De quelle foi voulez-vous parler ? Dans toutes les religions,
en effet, la foi peut se pervertir. Elle peut fabriquer des croyants ou des
fanatiques. L'actualité nous le rappelle tragiquement. Et au long de
l'histoire, les chrétiens eux-mêmes n'y ont pas échappé.
Alors, de quelle foi voulez-vous parler ?
Si c'est "la foi au Dieu Amour, vous
en auriez gros comme une graine de moutarde, vous diriez au grand arbre que
voici : 'Déracine-toi, et va te planter dans la mer', il vous obéirait !".
Les images n'ont pas été choisies au
hasard. Graine de moutarde et grand arbre comme un sycomore par exemple.
La plus petite de toutes les graines et le plus majestueux des arbres.
L'opposition entre les deux est radicale ; mais il les faut tous les deux pour
dire la foi :
ce petit rien insaisissable dont les effets
sont sans mesure ;
ce petit rien comme une pincée de sel
invisible mais indispensable ;
ce petit rien comme un peu de levain qui
fait lever toute la pâte ;
ce petit rien comme une petite semence qui
peut devenir un grand arbre.
Mais avec "ce petit rien", c'est
un arbre qui ira se planter dans la mer !
C'est l'image la plus forte. L'arbre,
symbole de vie par excellence, et la mer, symbole de mort. Car il faut dire que
les Juifs, très peu marins, considéraient la mer comme le lieu des puissances
du mal. La foi au Dieu Amour peut donc faire surgir la vie jusque dans les
décors de mort !
Vous penserez peut-être : “C'est de la littérature. Donnez-nous des
noms de croyants qui ont fait surgir la vie dans les décors de mort !”.
N'en connaissez-vous pas de ces chrétiens qui savent creuser
un sillon, ouvrir une espérance là où tout le monde désespère ? Ils puisent
leur force dans la foi au Christ. C'est leur enracinement dans la prière
qui les a le plus souvent poussés à se lever pour changer la vie autour d'eux
et dans le monde.
L'histoire des chrétiens, l’histoire de
l’Eglise est pleine de ces grands témoins qui ont planté la vie jusque dans
les décors de mort.
Tout près de nous dans le temps. On connaît
les noms de Maximilien Kolbe, Édith Stein… ! Et il y a quelques années, les
sept moines de Tibhérine et, à leur suite, Pierre Claverie, évêque d'Oran,
assassiné ! Jusque dans l'enfer des camps de concentration ou dans l'horreur
d'un monde de violence, ils ont pris conscience qu'ils étaient responsables de
rendre Dieu présent dans cet univers de mort. De tels témoins sauvent le monde
!
On peut évoquer de tels saints, des
personnages d'exception ; mais que dire de tant d'hommes, de femmes
ignorés qui donnent leur vie jour après jour obscurément : des
mères de famille, des chercheurs au service de la vie… et tant d’autres. La
petite graine de moutarde vit en eux, à leur insu peut-être ; ils ne le
savent même pas, c'est Dieu qui l'a semée.
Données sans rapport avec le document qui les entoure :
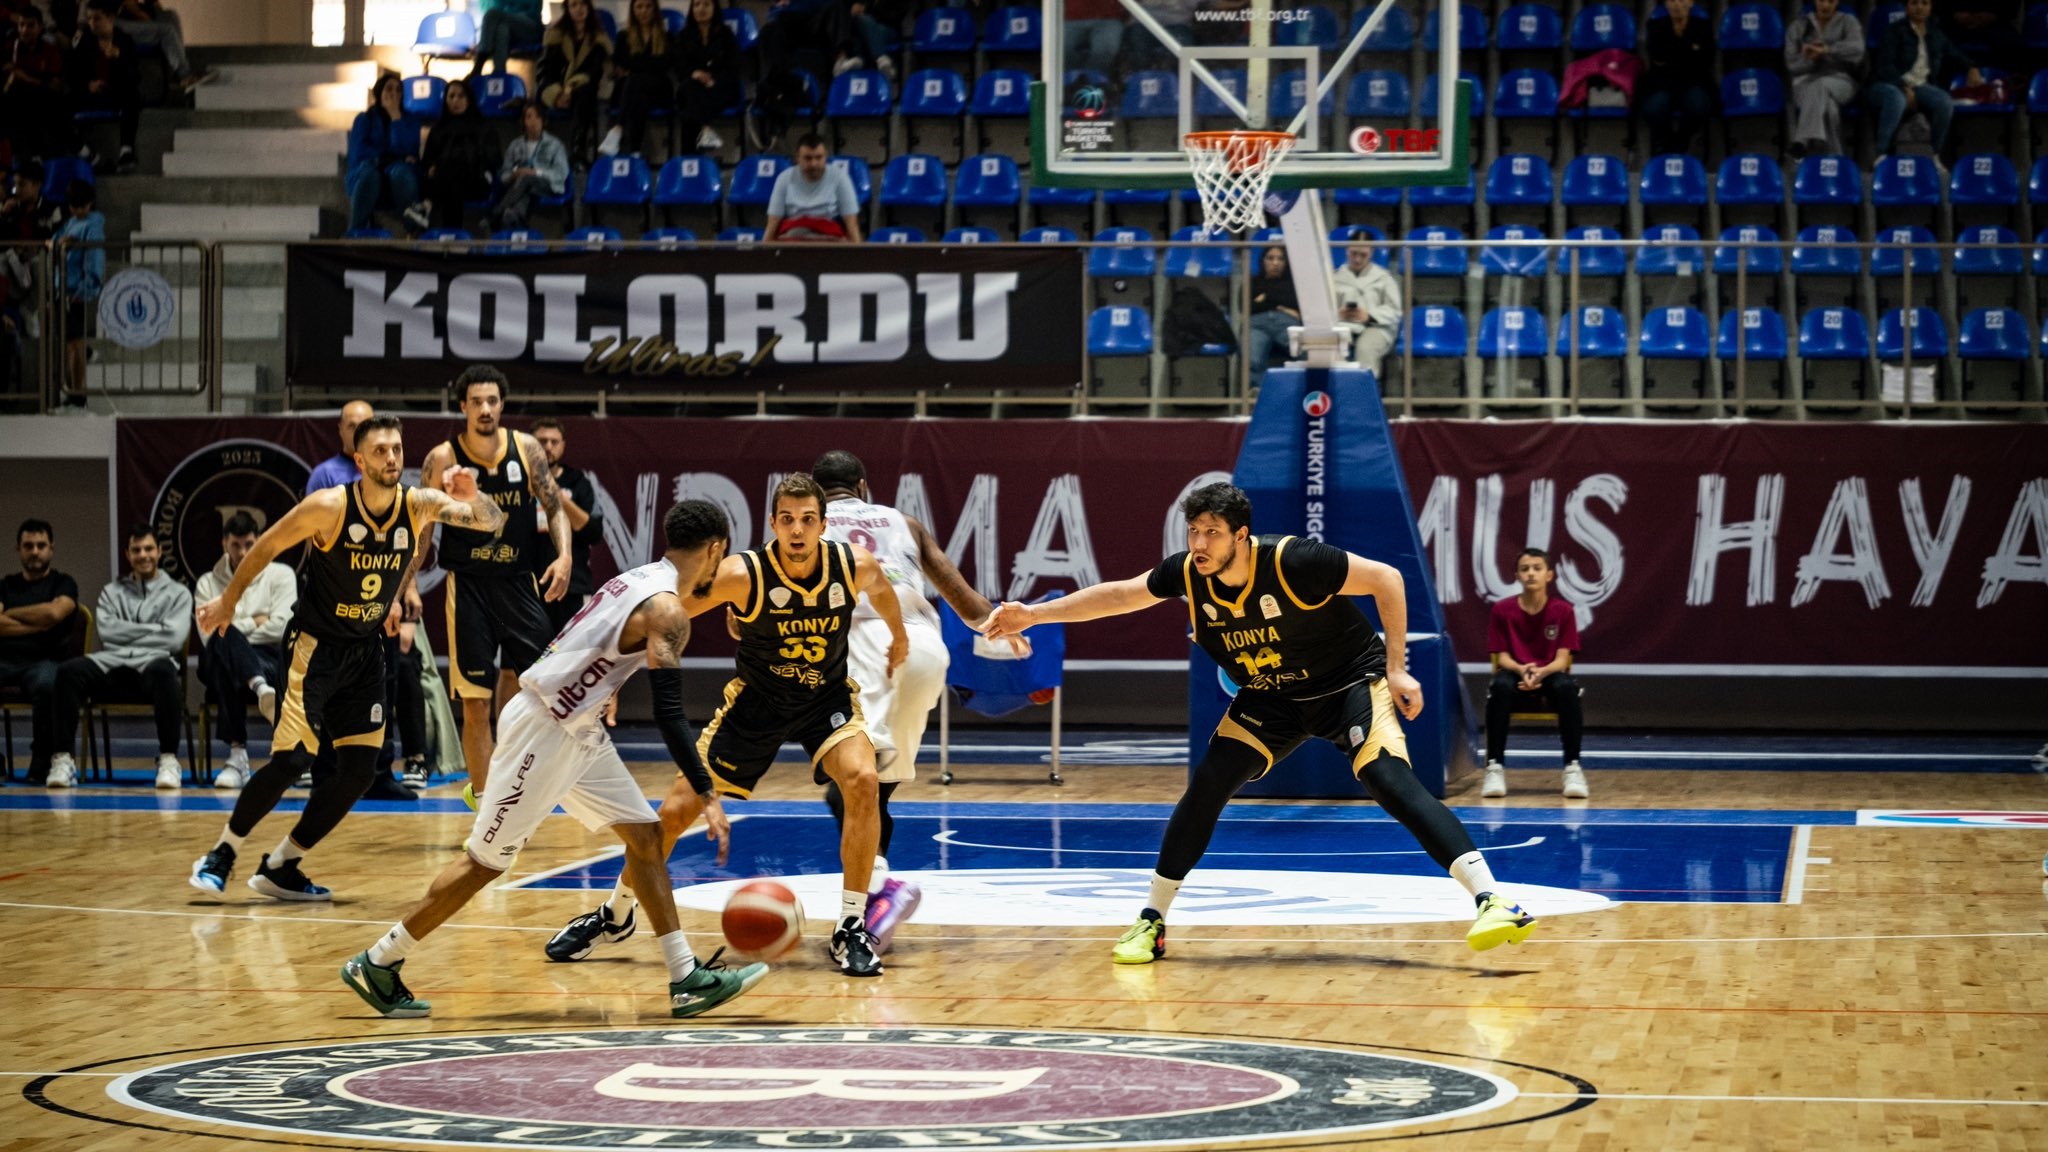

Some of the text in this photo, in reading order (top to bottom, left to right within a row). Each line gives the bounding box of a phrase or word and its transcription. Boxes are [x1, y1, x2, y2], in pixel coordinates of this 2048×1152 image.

[1383, 128, 1440, 152] TBF
[343, 270, 1019, 363] KOLORDU
[582, 334, 783, 378] Ultras!
[1686, 472, 2048, 610] HAYA
[350, 551, 402, 571] KONYA
[360, 572, 383, 602] 9
[776, 615, 841, 637] KONYA
[1221, 625, 1281, 652] KONYA
[778, 635, 828, 664] 33
[1235, 645, 1282, 676] 14
[169, 1035, 624, 1119] BASKETBOL
[335, 1117, 1125, 1147] KULÜBÜ
J'ai lu dans une revue cette superbe
allégorie. On raconte à Prague qu'un homme religieux fut, un jour, pris sous le
jet de pierres d'une troupe d'enfants et que les pierres, en l'atteignant, se
transformèrent en boutons de roses. Si cet homme de Dieu transformait les
pierres en boutons de roses, c'est qu'il aimait tellement les enfants qu'il ne
pouvait leur permettre de devenir les assassins d'un vieillard.
De la poésie, tout cela ? Oui, si vous
voulez. Un rêve ? Oui... Mais, je crois que c'est le rêve de Dieu !
C'est lui qui sème l'amour dans nos cœurs, un amour qui peut faire des
miracles. Ce petit rien insaisissable dont les effets sont sans mesure. Voilà
notre foi, cette foi que quelques jeunes enfants de la paroisse ont discernée
et exprimée avec le langage de leur âge. Ils vont être baptisés à l'issue de
cette Eucharistie. Serons-nous les encouragés par notre exemple de foi ?
C'était la première parole du Christ pour
nous encourager aujourd’hui en notre foi.
Voici
la deuxième pour nous mettre en garde.
Jésus racontait l'histoire des serviteurs,
on devrait dire des esclaves, auxquels le maître ne devait rien, selon la
pratique inhumaine de ce temps-là. Inutile de vous dire que Jésus n'a pas
raconté cette histoire pour légitimer les inégalités sociales, parfois
cruelles. C'était, comme dans toutes les paraboles, pour piquer l'attention de
ses disciples et leur dire clairement : “Quand
vous avez fait tout ce que Dieu vous demande, vous n'avez fait que votre
devoir, comme des serviteurs, voilà tout”.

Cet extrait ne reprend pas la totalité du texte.